(Referring expression grounding data)
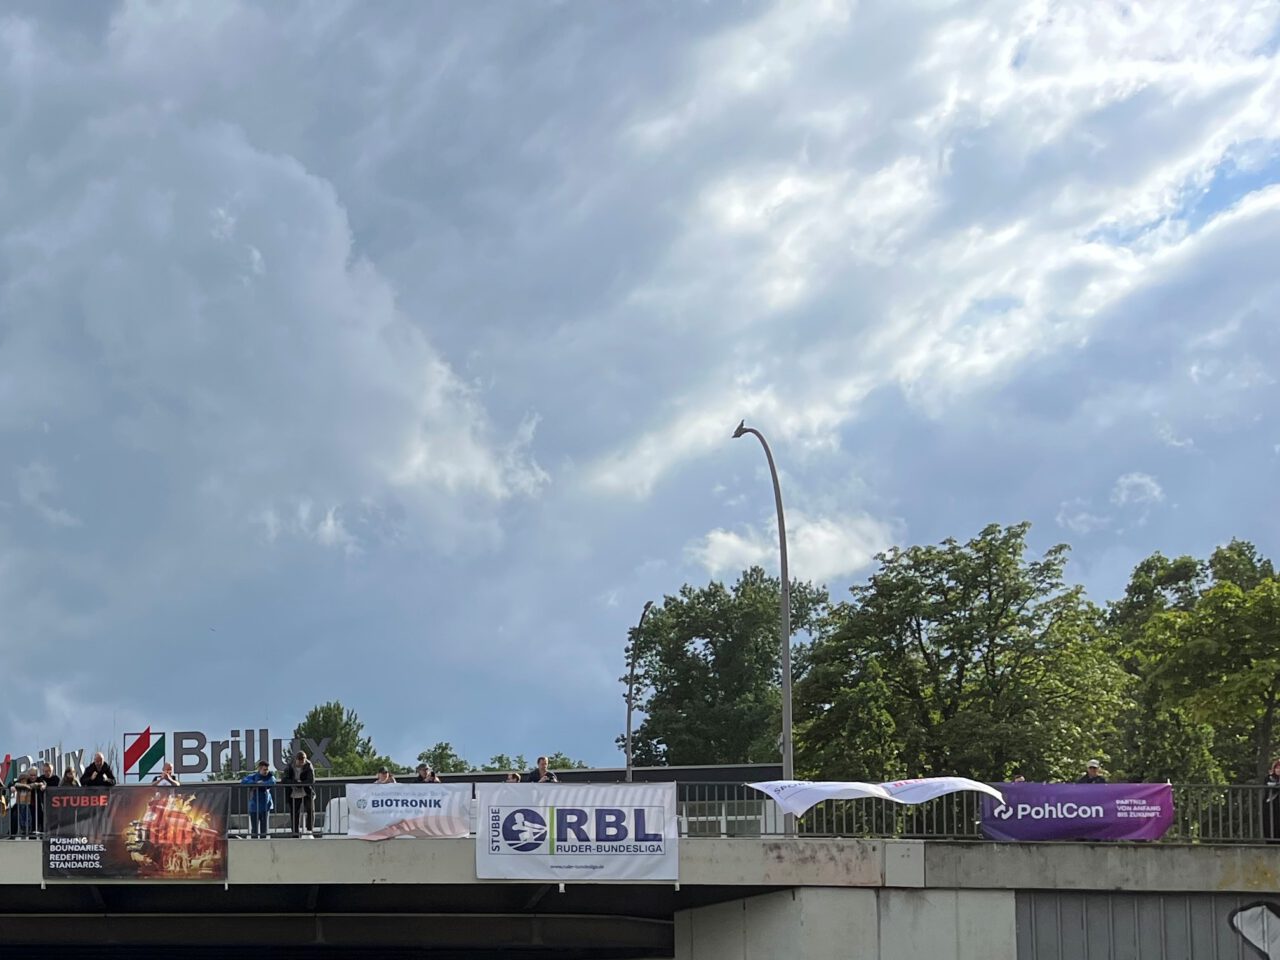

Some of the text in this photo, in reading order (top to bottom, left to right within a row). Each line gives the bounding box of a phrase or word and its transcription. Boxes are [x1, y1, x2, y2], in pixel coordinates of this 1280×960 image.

[173, 729, 333, 774] Brillux
[371, 798, 442, 809] BIOTRONIK
[1017, 802, 1104, 819] PohlCon
[556, 808, 662, 842] RBL
[49, 844, 107, 852] BOUNDARIES.
[556, 844, 662, 853] RUDER-BUNDESLIGA
[49, 853, 100, 861] REDEFINING

--- Work request ---
The records above are to be retyped exactly, with every picture left out.

--- Exercise output ---
Some of the text in this photo, in reading order (top to bottom, left to right within a row). Each line gives the bounding box of a phrase or word and its transcription. Boxes are [x1, y1, x2, y2], in pixel coordinates of this 1280×960 image.

[173, 729, 333, 774] Brillux
[371, 798, 442, 809] BIOTRONIK
[1017, 802, 1104, 819] PohlCon
[556, 808, 662, 842] RBL
[49, 844, 107, 852] BOUNDARIES.
[556, 844, 662, 853] RUDER-BUNDESLIGA
[49, 853, 100, 861] REDEFINING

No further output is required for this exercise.